The foal’s eyes open. They are solid black, lined with thick lashes. She springs up on wobbly, twig-like legs. We stare at the creature who looks more like some ancient illustration of a creature than the flesh and blood of her parents.
“Is-is that how it’s supposed to look?” I ask.
Adela is too busy sobbing and trying to crawl across the forest floor to the foal to respond.
Her tears mix with the rain, and her whole body lurches forward, undone by loss.
Mud cakes her hands, her clothes are soaked through with rain and grief.
The storm lashes through the forest, wind tearing at branches, scattering new leaf buds and pine needles.
Her father answers.
“There’s no ‘supposed to’ here. But also…
no. Not what I’d expect.” He steps forward, reaching out with hands still covered by blood.
His voice is steady, but his eyes flicker to Lathai, then to Adela, and back to Etana.
He clearly wants to examine the foal, but he’s wary of the grieving pegasus and no doubt aches to comfort his daughter.
He takes a step forward, but Lathai is there between them. He stomps hard enough to make divots in the forest floor, which instantly fill with rainwater. He bares his teeth in warning. No one will approach his little one. Not now. Not while his grief is still so raw.
The foal headbutts Etana’s belly to release her milk, but all that happens is more of her insides seep out through the cut Adela’s dad made.
Adela stands, soaked and shivering, and approaches Lathai.
The trees stop whipping in the lessening wind.
Rain still falls, but slower. Lathai drops his head, waiting for her.
She has just killed his mate, and still he allows her near.
She kneels by the foal, and reaches out a shaky hand.
“Come here, little one. I’ll tell you of your mama as we get you some milk. ”
The creatures of the valley trust her, but this one doesn’t know her yet. The foal flinches, ears pinning back, and twists away from Adela, skittish as a barn cat. And then, without a look back, she runs into the forest.
“No!”
Lathai goes after the little creature.
Adela moves to follow, too, but I quickly put an arm around her waist. She struggles against me, but has no strength left to truly fight.
“You’re not catching her tonight,” her dad says. “Let her go. And hopefully she’ll come back when she’s hungry or tired. Or Lathai will bring her.”
“Hopefully?”
Her father shrugs, but it’s not dismissive.

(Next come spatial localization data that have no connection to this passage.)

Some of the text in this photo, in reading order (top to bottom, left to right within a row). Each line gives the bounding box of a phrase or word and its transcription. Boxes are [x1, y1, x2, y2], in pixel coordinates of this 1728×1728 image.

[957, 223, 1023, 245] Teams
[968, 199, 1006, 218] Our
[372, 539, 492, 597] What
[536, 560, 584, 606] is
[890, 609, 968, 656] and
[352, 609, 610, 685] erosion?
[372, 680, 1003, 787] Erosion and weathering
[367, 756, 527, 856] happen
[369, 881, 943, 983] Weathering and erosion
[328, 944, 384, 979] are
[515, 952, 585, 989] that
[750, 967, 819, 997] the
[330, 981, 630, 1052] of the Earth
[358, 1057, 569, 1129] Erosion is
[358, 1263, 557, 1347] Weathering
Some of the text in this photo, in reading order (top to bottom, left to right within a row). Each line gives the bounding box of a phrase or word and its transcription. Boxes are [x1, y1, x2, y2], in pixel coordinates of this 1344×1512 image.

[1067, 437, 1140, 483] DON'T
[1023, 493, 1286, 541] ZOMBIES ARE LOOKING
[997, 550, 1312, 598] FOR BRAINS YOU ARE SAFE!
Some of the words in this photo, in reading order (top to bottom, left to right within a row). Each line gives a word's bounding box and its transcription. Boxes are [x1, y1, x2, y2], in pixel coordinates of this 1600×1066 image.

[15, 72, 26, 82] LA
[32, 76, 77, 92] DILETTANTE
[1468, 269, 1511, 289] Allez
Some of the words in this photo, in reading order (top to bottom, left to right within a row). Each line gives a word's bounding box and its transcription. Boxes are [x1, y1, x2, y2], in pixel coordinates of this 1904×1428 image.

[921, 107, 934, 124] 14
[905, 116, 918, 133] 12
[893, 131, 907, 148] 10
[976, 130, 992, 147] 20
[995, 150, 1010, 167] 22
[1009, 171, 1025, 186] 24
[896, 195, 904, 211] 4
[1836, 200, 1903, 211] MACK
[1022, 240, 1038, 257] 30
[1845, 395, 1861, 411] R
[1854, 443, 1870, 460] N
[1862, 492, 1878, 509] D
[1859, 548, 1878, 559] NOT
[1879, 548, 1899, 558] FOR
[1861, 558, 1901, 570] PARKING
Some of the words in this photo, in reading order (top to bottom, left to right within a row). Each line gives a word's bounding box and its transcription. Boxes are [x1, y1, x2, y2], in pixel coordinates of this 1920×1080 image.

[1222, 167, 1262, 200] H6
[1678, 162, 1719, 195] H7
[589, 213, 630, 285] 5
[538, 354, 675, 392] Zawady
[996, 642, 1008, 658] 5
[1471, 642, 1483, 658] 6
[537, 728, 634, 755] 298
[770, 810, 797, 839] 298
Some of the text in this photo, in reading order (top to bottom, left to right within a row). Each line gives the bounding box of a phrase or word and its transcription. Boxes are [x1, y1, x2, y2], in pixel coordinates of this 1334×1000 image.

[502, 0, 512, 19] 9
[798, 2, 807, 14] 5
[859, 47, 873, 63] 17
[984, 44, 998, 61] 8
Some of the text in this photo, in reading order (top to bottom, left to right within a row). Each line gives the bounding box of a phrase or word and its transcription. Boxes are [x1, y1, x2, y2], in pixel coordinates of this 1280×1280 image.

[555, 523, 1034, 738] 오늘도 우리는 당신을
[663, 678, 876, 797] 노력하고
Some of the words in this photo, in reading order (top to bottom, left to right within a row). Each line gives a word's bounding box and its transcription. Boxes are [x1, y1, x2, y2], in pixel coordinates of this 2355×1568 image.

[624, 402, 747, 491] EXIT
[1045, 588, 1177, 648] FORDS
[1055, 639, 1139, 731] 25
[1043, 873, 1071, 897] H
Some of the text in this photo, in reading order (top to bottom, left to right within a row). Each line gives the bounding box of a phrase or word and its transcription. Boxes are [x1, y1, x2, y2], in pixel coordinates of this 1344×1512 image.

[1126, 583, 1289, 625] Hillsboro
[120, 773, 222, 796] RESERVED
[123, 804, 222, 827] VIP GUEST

He simply doesn’t know for certain what will happen.
He’s a healer. He knows the ways of creatures—their habits, yes, but also their unpredictability.
He turns back toward the faint, flickering lights of the village.
“Let’s go home. We’ll come back in the morning with a cart and take care of our Etana then. Nothing we can do for her now.”
The storm sighs above us, not yet done, but easing. We turn and walk back to the village and to whatever fate awaits me and Adela.